Devon thought the woman looked relieved. Maybe she'd thought Devon was being brought to work in her area in some sort of position.
"Ma said to put her in that room off the kitchen. At least for tonight."
"Mah pantry? She spos' sleep in mah pantry?! Where I goin' put all's in there already?"
"Just for tonight, I think."
"I could sleep somewhere else," Devon said quickly. She was anxious not to displease this woman. "I don't need a whole room." Maybe under the table, she thought, or in the barn. Oretta reminded her of the boys Boyle used to play with in the street, who drew a ring around themselves with a stick of charcoal and dared anybody to cross the line.
"Oh, come on." With an arm around her shoulders, Arden squeezed Oretta's plump form. "Jus' for a night or two. Then she'll prob'ly move into that maid's room off the hall, so she'll be near if Pa needs somethin' in the night. Please...?" Arden kept looking at her appealingly until a smile tugged at the woman's mouth again.
"Oh you," she said, giving him an ungentle poke in the side. "Such a cha'm boy, go off to Cha'leston, learn all them pretty ways. Soon nobody be able to stan' you 'round here."
Arden planted a kiss on her firm cheek and came back to take Devon around the table and through another narrow doorway into a small room lined with shelves of jars and smelling of cloves and vinegar and molasses. There was a bumpy straw mattress off to the side, a rough blanket flung across it.

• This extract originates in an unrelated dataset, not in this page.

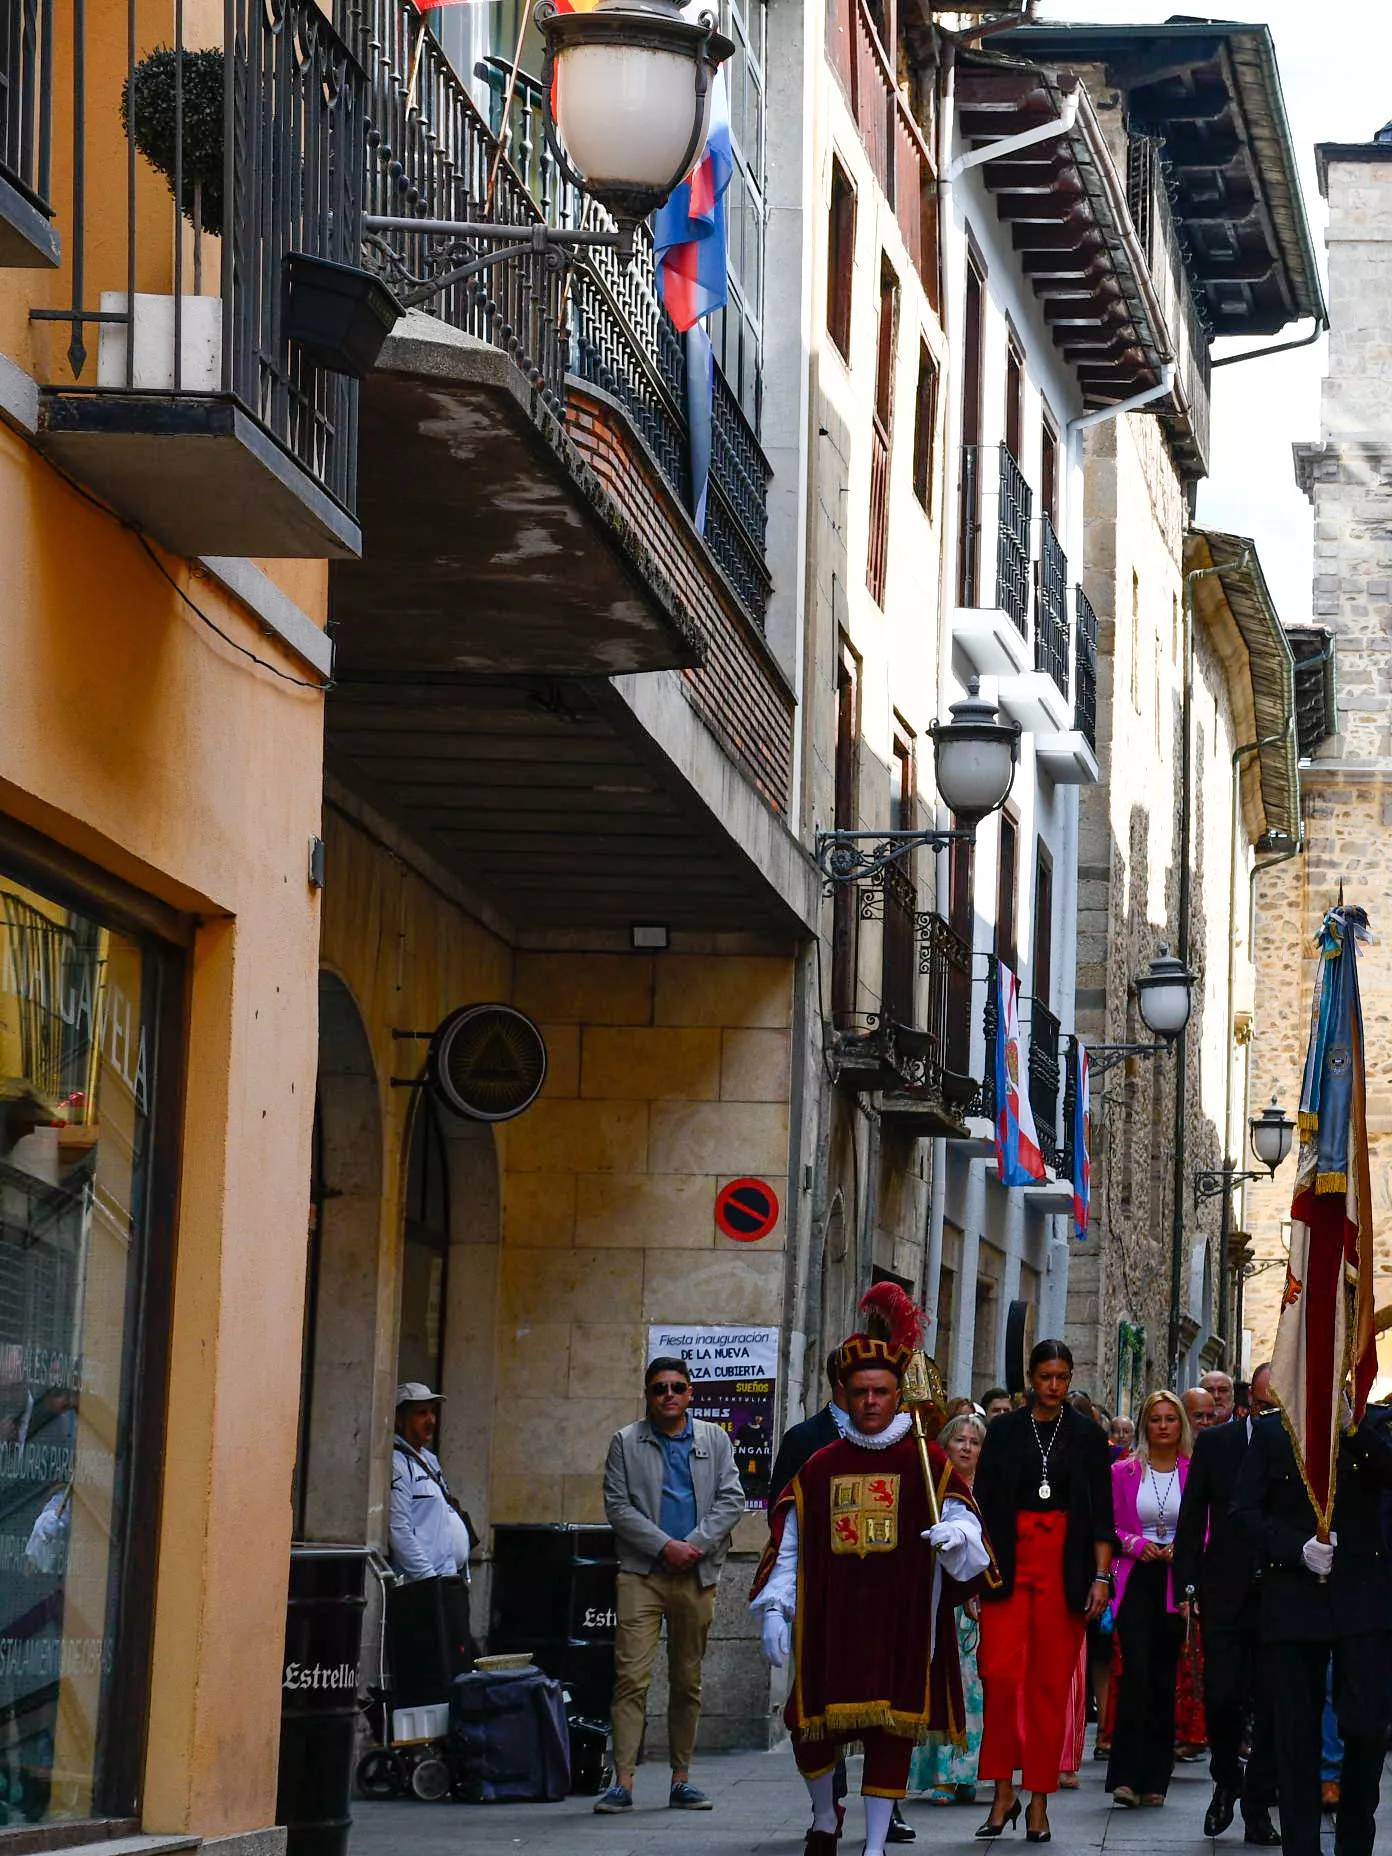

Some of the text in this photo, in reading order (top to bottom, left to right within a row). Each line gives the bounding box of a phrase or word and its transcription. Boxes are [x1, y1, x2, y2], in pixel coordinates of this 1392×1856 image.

This will just be for tonight probably," Arden said, his speech returning to its city style. "Soon as we get things straightened away, you can move into the house."
"This'll be fine," Devon said. "If it's all right with her."
"Oh, don't mind Oretta. She barks a lot harder than she bites."
Somehow, Devon doubted that.
She ate supper that evening in the kitchen, with Oretta and Funciful and her brother Fallow, though she had to sit at the other end of the big table from the three of them. Funciful set their own places at one end, then walked all the way to the other with Devon's plate and spoon. Devon had offered to help with the preparations, and then with taking the dishes into the house for the Winter family's dinner, but Oretta had said no each time. "We takes care of that," she said.
It was dark out by the time they sat down for their own meal. Despite some playful roughhousing between Fallow and Funciful, and Oretta's nonstop orders during the preparations and a few cuffs during the roughhousing, they were all very quiet while they ate, not even a glance her way.
In fact, Fallow had been silent ever since he'd come in. He'd arrived with an armload of firewood just as Oretta was beginning to fuss about his absence. And though she kept after him to wash up, he just kept stacking the wood in a careful pyramid beside the fireplace. It wasn't until Funciful pounced on him from behind, sending the stack toppling, that he allowed himself to be dragged to the table.
Devon couldn't tell how old Fallow was. He was as tall as Funciful and didn't look much younger, but there was something childlike about him. He was also a good deal lighter in skin color than either Funciful or Oretta. In fact, his eyes were a bit strange. They were a kind of hazy amber green, the sort of color Sissy's water bowl took on when she'd dipped one after another of her brushes in it, until they all just blended. He'd smiled at her briefly though, when he first sat down; Devon was grateful for that.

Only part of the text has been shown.